I would like every record below transcribed exactly as it is.

• [Source material]:
== Segment start ==

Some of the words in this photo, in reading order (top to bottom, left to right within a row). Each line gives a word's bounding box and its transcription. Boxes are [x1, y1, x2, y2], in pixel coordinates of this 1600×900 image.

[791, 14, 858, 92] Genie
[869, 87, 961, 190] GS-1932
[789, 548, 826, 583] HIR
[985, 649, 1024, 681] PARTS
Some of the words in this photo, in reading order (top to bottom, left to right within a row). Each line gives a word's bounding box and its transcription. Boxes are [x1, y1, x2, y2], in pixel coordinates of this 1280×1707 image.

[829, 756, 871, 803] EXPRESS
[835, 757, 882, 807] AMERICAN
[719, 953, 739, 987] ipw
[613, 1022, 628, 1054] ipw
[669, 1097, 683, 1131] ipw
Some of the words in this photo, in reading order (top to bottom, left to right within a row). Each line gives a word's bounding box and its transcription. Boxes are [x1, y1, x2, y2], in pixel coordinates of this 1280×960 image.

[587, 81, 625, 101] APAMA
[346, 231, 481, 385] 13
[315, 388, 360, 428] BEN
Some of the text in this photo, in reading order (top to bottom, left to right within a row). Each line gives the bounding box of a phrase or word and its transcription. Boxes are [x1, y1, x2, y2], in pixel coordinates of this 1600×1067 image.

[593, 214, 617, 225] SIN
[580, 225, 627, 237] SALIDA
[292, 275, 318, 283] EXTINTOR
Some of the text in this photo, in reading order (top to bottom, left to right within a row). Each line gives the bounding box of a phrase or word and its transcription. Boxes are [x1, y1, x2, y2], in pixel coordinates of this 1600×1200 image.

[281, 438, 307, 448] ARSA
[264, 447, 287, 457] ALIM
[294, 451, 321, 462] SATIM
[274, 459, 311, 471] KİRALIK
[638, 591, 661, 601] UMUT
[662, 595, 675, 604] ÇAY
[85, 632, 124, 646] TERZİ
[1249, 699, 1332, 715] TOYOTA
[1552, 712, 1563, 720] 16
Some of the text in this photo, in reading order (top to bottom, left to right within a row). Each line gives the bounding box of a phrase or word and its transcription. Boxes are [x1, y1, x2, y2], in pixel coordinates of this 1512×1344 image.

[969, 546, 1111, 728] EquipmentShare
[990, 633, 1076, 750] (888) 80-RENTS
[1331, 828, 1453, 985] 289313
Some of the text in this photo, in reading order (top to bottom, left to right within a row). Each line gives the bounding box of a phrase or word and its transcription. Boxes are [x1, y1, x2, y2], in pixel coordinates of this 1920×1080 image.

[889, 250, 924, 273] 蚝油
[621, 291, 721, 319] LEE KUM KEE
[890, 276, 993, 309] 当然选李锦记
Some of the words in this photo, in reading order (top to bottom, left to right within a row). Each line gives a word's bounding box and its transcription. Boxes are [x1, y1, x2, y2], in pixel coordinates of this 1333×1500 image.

== Segment end ==

• [Exercise solution]:
Some of the words in this photo, in reading order (top to bottom, left to right within a row). Each line gives a word's bounding box and its transcription. Boxes are [x1, y1, x2, y2], in pixel coordinates of this 1600×900 image.

[791, 14, 858, 92] Genie
[869, 87, 961, 190] GS-1932
[789, 548, 826, 583] HIR
[985, 649, 1024, 681] PARTS
Some of the words in this photo, in reading order (top to bottom, left to right within a row). Each line gives a word's bounding box and its transcription. Boxes are [x1, y1, x2, y2], in pixel coordinates of this 1280×1707 image.

[829, 756, 871, 803] EXPRESS
[835, 757, 882, 807] AMERICAN
[719, 953, 739, 987] ipw
[613, 1022, 628, 1054] ipw
[669, 1097, 683, 1131] ipw
Some of the words in this photo, in reading order (top to bottom, left to right within a row). Each line gives a word's bounding box and its transcription. Boxes are [x1, y1, x2, y2], in pixel coordinates of this 1280×960 image.

[587, 81, 625, 101] APAMA
[346, 231, 481, 385] 13
[315, 388, 360, 428] BEN
Some of the text in this photo, in reading order (top to bottom, left to right within a row). Each line gives the bounding box of a phrase or word and its transcription. Boxes are [x1, y1, x2, y2], in pixel coordinates of this 1600×1067 image.

[593, 214, 617, 225] SIN
[580, 225, 627, 237] SALIDA
[292, 275, 318, 283] EXTINTOR
Some of the text in this photo, in reading order (top to bottom, left to right within a row). Each line gives the bounding box of a phrase or word and its transcription. Boxes are [x1, y1, x2, y2], in pixel coordinates of this 1600×1200 image.

[281, 438, 307, 448] ARSA
[264, 447, 287, 457] ALIM
[294, 451, 321, 462] SATIM
[274, 459, 311, 471] KİRALIK
[638, 591, 661, 601] UMUT
[662, 595, 675, 604] ÇAY
[85, 632, 124, 646] TERZİ
[1249, 699, 1332, 715] TOYOTA
[1552, 712, 1563, 720] 16
Some of the text in this photo, in reading order (top to bottom, left to right within a row). Each line gives the bounding box of a phrase or word and its transcription. Boxes are [x1, y1, x2, y2], in pixel coordinates of this 1512×1344 image.

[969, 546, 1111, 728] EquipmentShare
[990, 633, 1076, 750] (888) 80-RENTS
[1331, 828, 1453, 985] 289313
Some of the text in this photo, in reading order (top to bottom, left to right within a row). Each line gives the bounding box of a phrase or word and its transcription. Boxes are [x1, y1, x2, y2], in pixel coordinates of this 1920×1080 image.

[889, 250, 924, 273] 蚝油
[621, 291, 721, 319] LEE KUM KEE
[890, 276, 993, 309] 当然选李锦记
Some of the words in this photo, in reading order (top to bottom, left to right within a row). Each line gives a word's bounding box and its transcription. Boxes are [x1, y1, x2, y2], in pixel coordinates of this 1333×1500 image.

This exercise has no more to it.